§ Exercise description:
An exact reproduction of all the data is needed, with no images in it.
==========
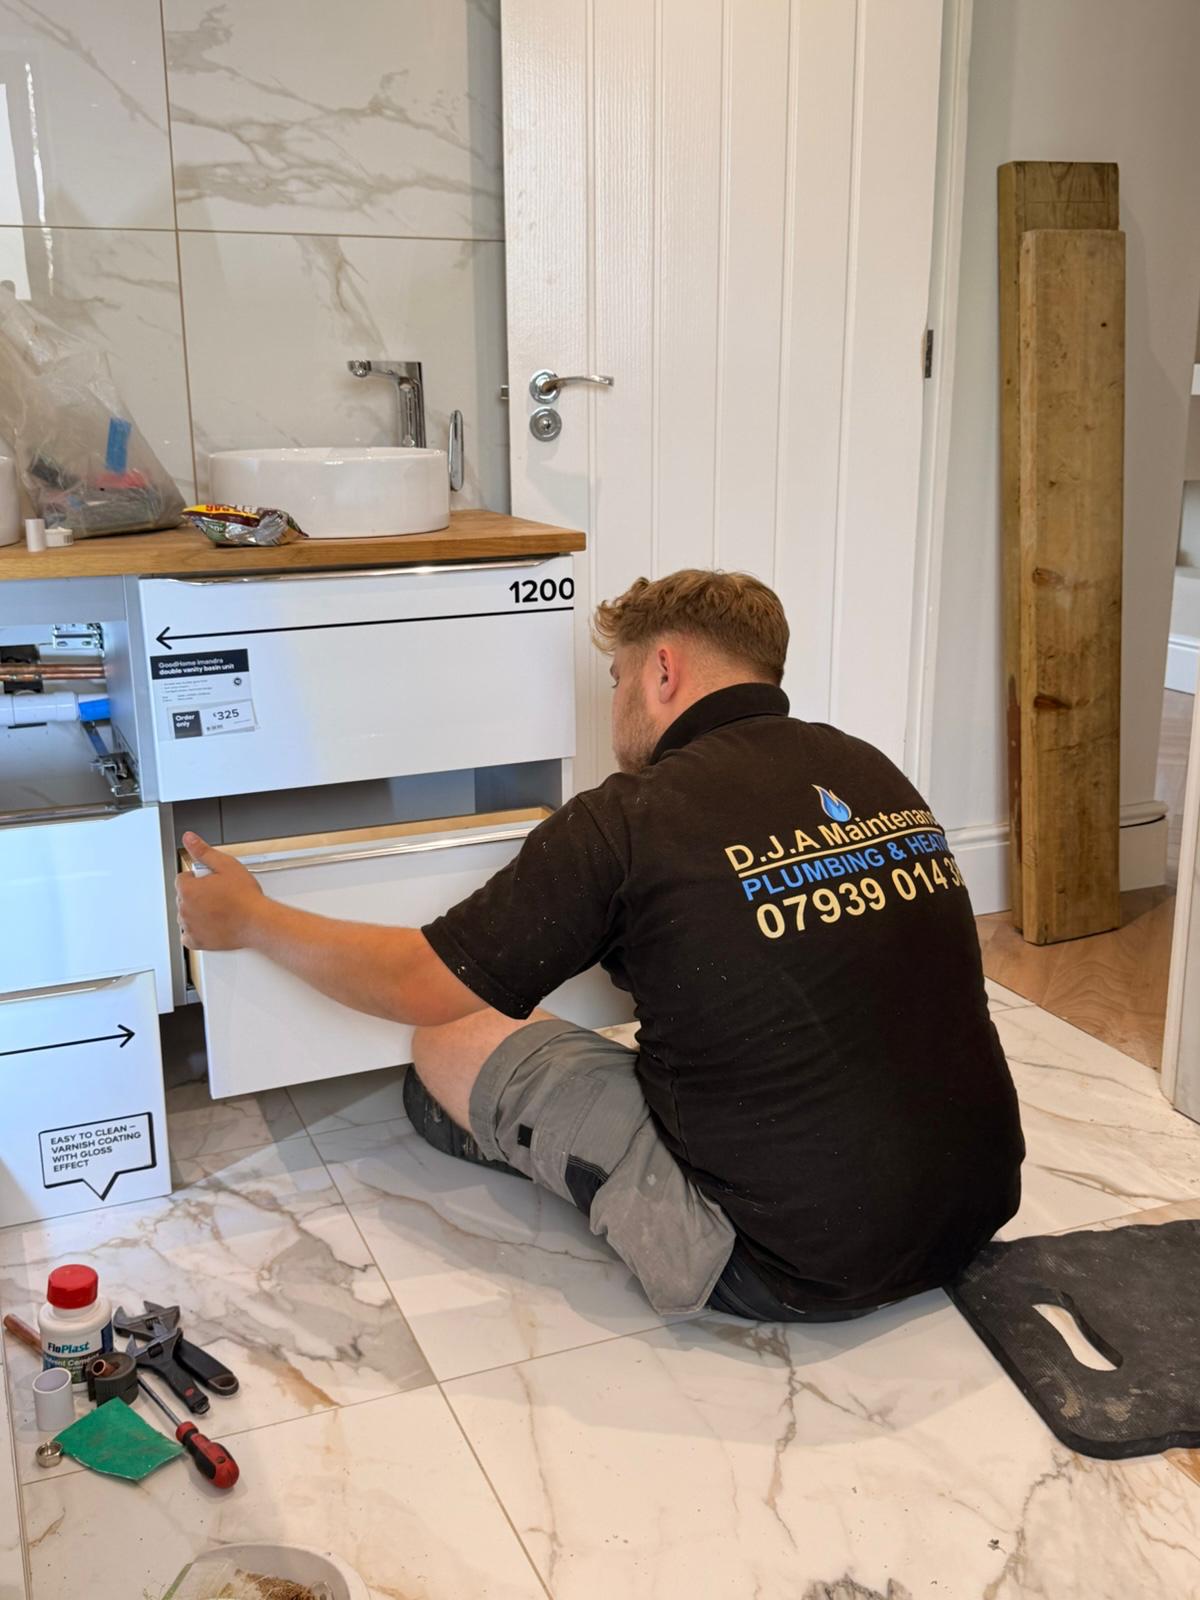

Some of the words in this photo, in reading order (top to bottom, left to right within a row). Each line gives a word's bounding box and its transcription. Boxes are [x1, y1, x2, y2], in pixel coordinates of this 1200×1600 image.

[509, 577, 575, 603] 1200
[159, 668, 183, 676] double
[175, 714, 195, 722] Order
[724, 829, 821, 872] D.J.A
[816, 808, 938, 847] Maintenan
[741, 847, 885, 902] PLUMBING
[886, 842, 908, 861] &
[756, 877, 886, 939] 07939
[50, 1134, 76, 1145] EASY
[79, 1131, 93, 1140] TO
[95, 1125, 128, 1137] CLEAN
[51, 1140, 96, 1154] VARNISH
[97, 1131, 141, 1145] COATING
[52, 1152, 78, 1163] WITH
[80, 1146, 113, 1159] GLOSS
[53, 1159, 90, 1172] EFFECT
[48, 1341, 90, 1354] FloPlast
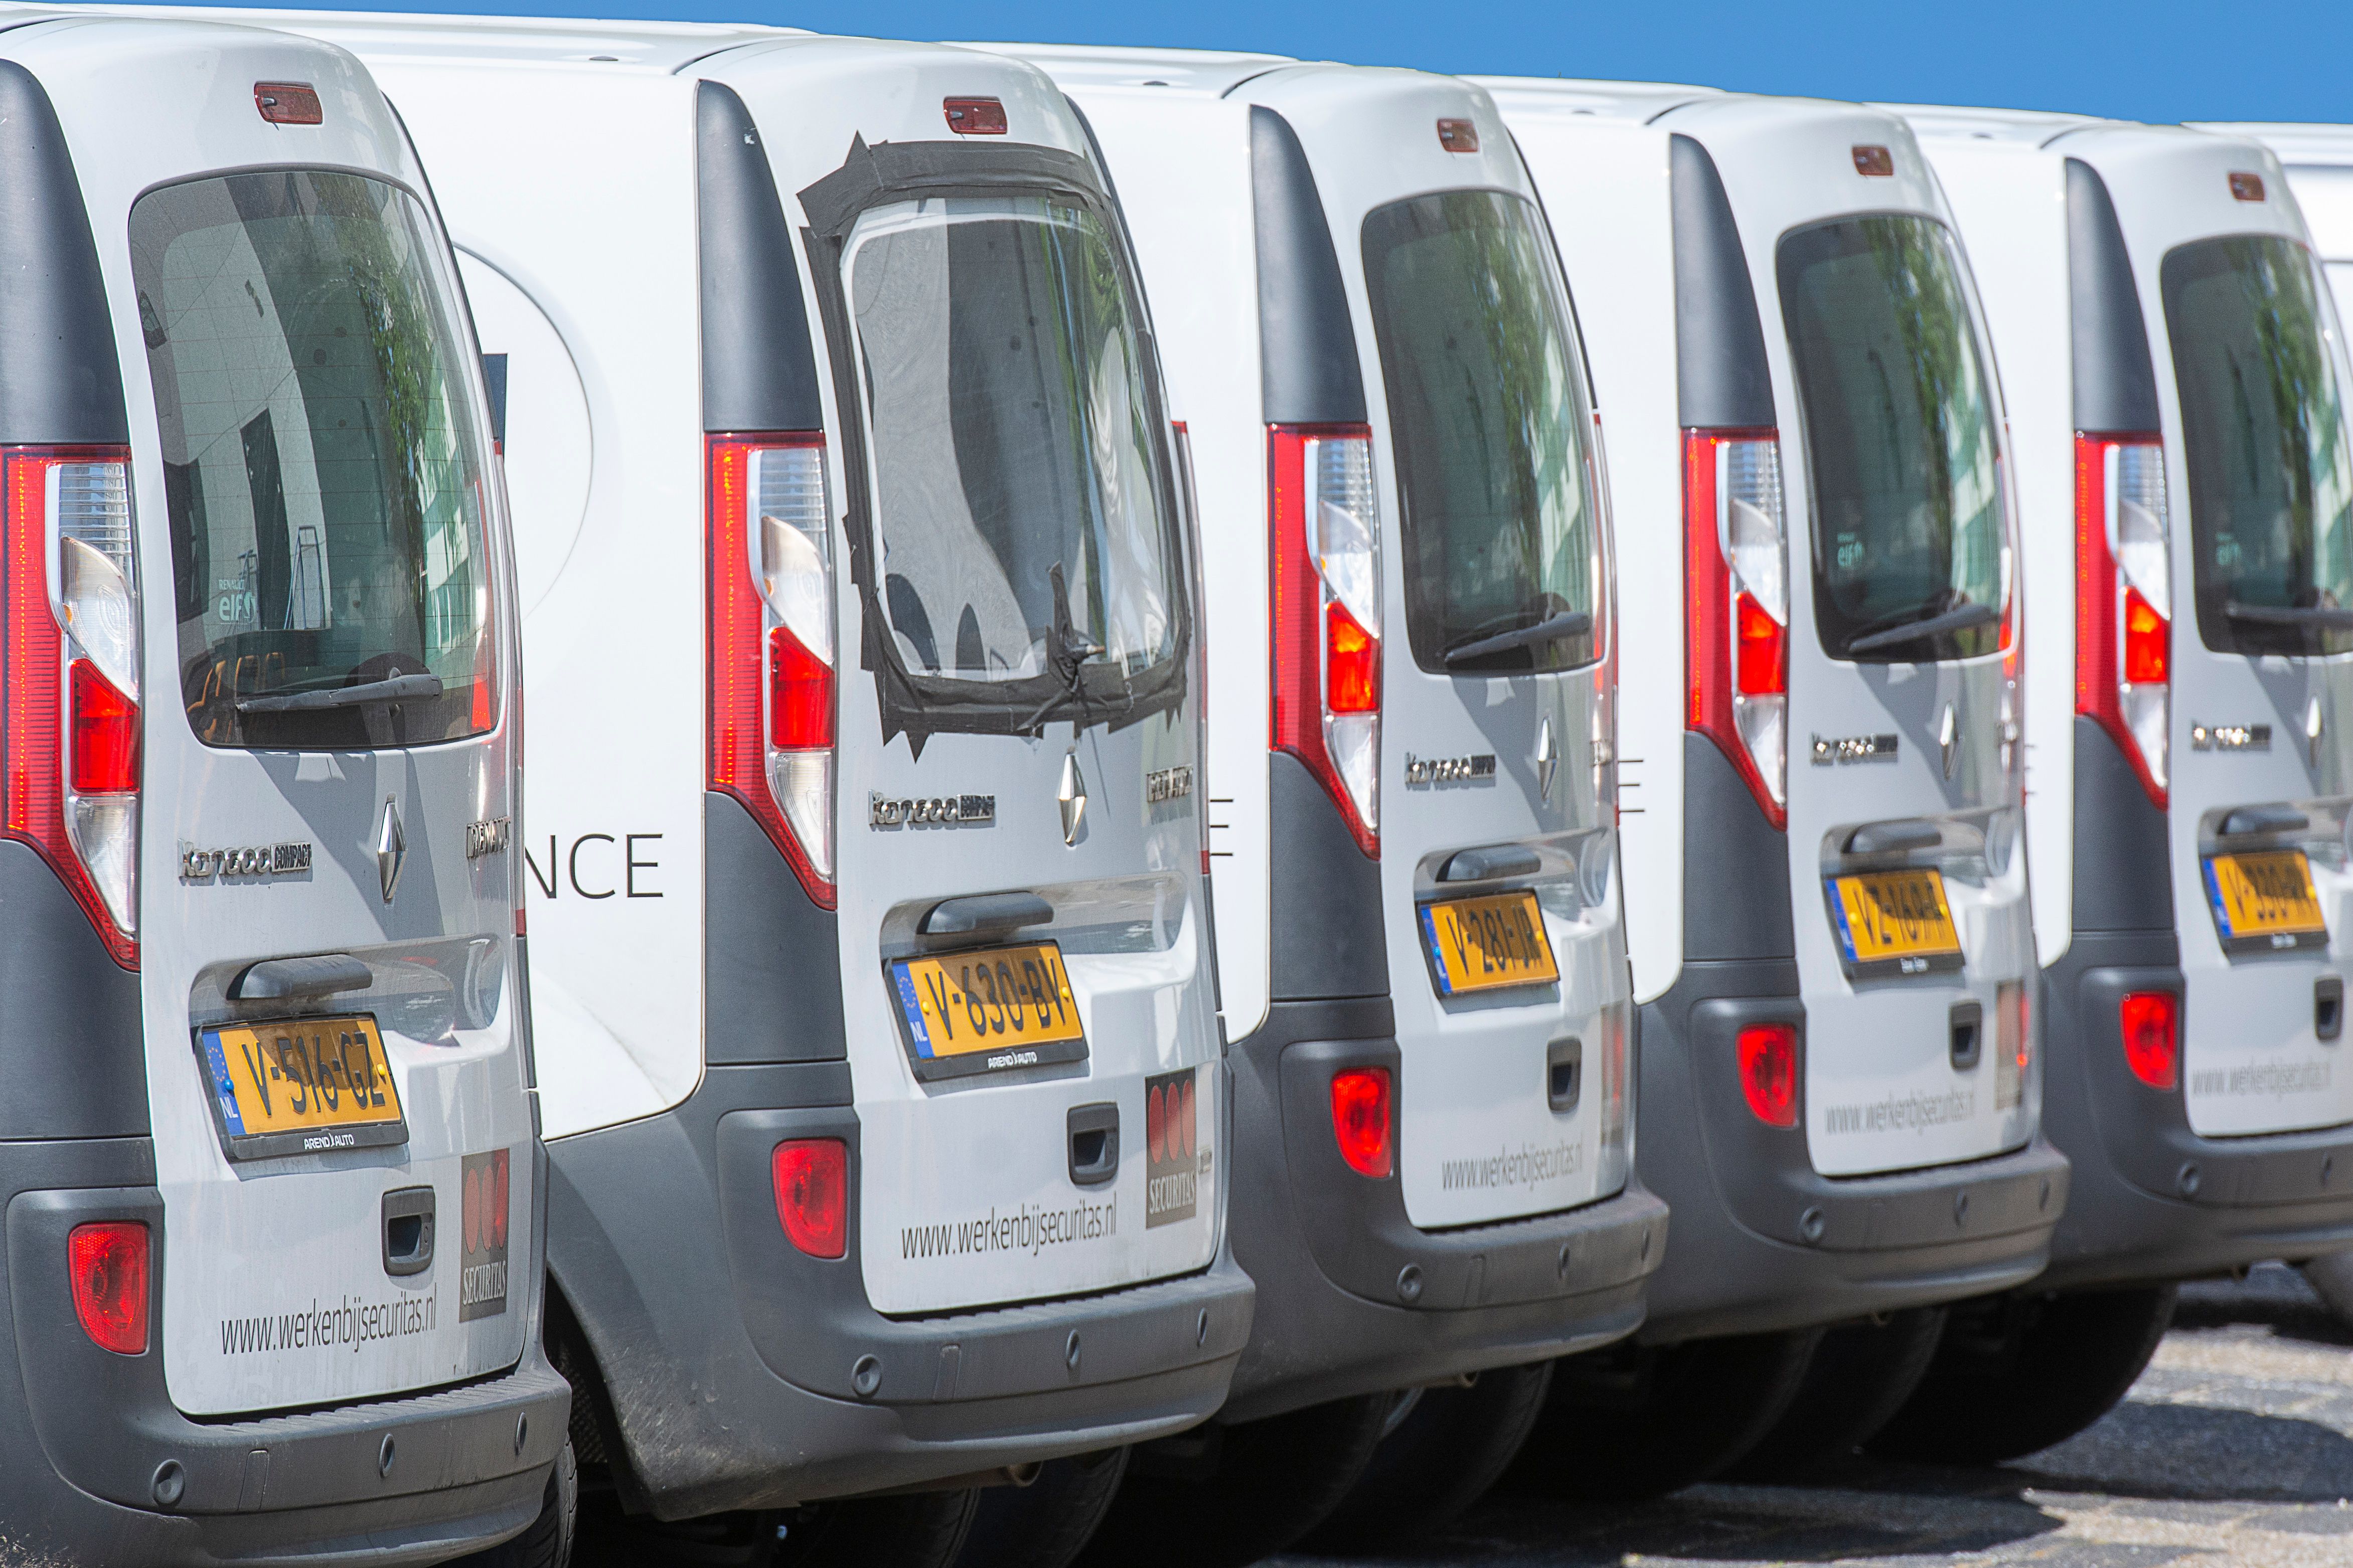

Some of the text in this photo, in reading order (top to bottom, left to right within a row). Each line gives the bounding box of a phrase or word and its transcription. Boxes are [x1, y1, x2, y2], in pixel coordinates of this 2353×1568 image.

[274, 843, 312, 870] COMPACT
[925, 958, 1066, 1040] V-630-BV
[910, 1021, 927, 1043] NL
[241, 1031, 385, 1118] V-516-GZ
[988, 1051, 1037, 1069] AREND AUTO
[219, 1096, 238, 1119] NL
[303, 1134, 355, 1150] AREND AUTO
[1150, 1170, 1195, 1214] SECURITAS
[902, 1191, 1117, 1260] www.werkenbijsecuritas.nl
[462, 1260, 506, 1305] SECURITAS
[222, 1283, 437, 1354] www.werkenbijsecuritas.nl
==========
§ Task answer:
Some of the words in this photo, in reading order (top to bottom, left to right within a row). Each line gives a word's bounding box and its transcription. Boxes are [x1, y1, x2, y2], in pixel coordinates of this 1200×1600 image.

[509, 577, 575, 603] 1200
[159, 668, 183, 676] double
[175, 714, 195, 722] Order
[724, 829, 821, 872] D.J.A
[816, 808, 938, 847] Maintenan
[741, 847, 885, 902] PLUMBING
[886, 842, 908, 861] &
[756, 877, 886, 939] 07939
[50, 1134, 76, 1145] EASY
[79, 1131, 93, 1140] TO
[95, 1125, 128, 1137] CLEAN
[51, 1140, 96, 1154] VARNISH
[97, 1131, 141, 1145] COATING
[52, 1152, 78, 1163] WITH
[80, 1146, 113, 1159] GLOSS
[53, 1159, 90, 1172] EFFECT
[48, 1341, 90, 1354] FloPlast

Some of the text in this photo, in reading order (top to bottom, left to right within a row). Each line gives the bounding box of a phrase or word and its transcription. Boxes are [x1, y1, x2, y2], in pixel coordinates of this 2353×1568 image.

[274, 843, 312, 870] COMPACT
[925, 958, 1066, 1040] V-630-BV
[910, 1021, 927, 1043] NL
[241, 1031, 385, 1118] V-516-GZ
[988, 1051, 1037, 1069] AREND AUTO
[219, 1096, 238, 1119] NL
[303, 1134, 355, 1150] AREND AUTO
[1150, 1170, 1195, 1214] SECURITAS
[902, 1191, 1117, 1260] www.werkenbijsecuritas.nl
[462, 1260, 506, 1305] SECURITAS
[222, 1283, 437, 1354] www.werkenbijsecuritas.nl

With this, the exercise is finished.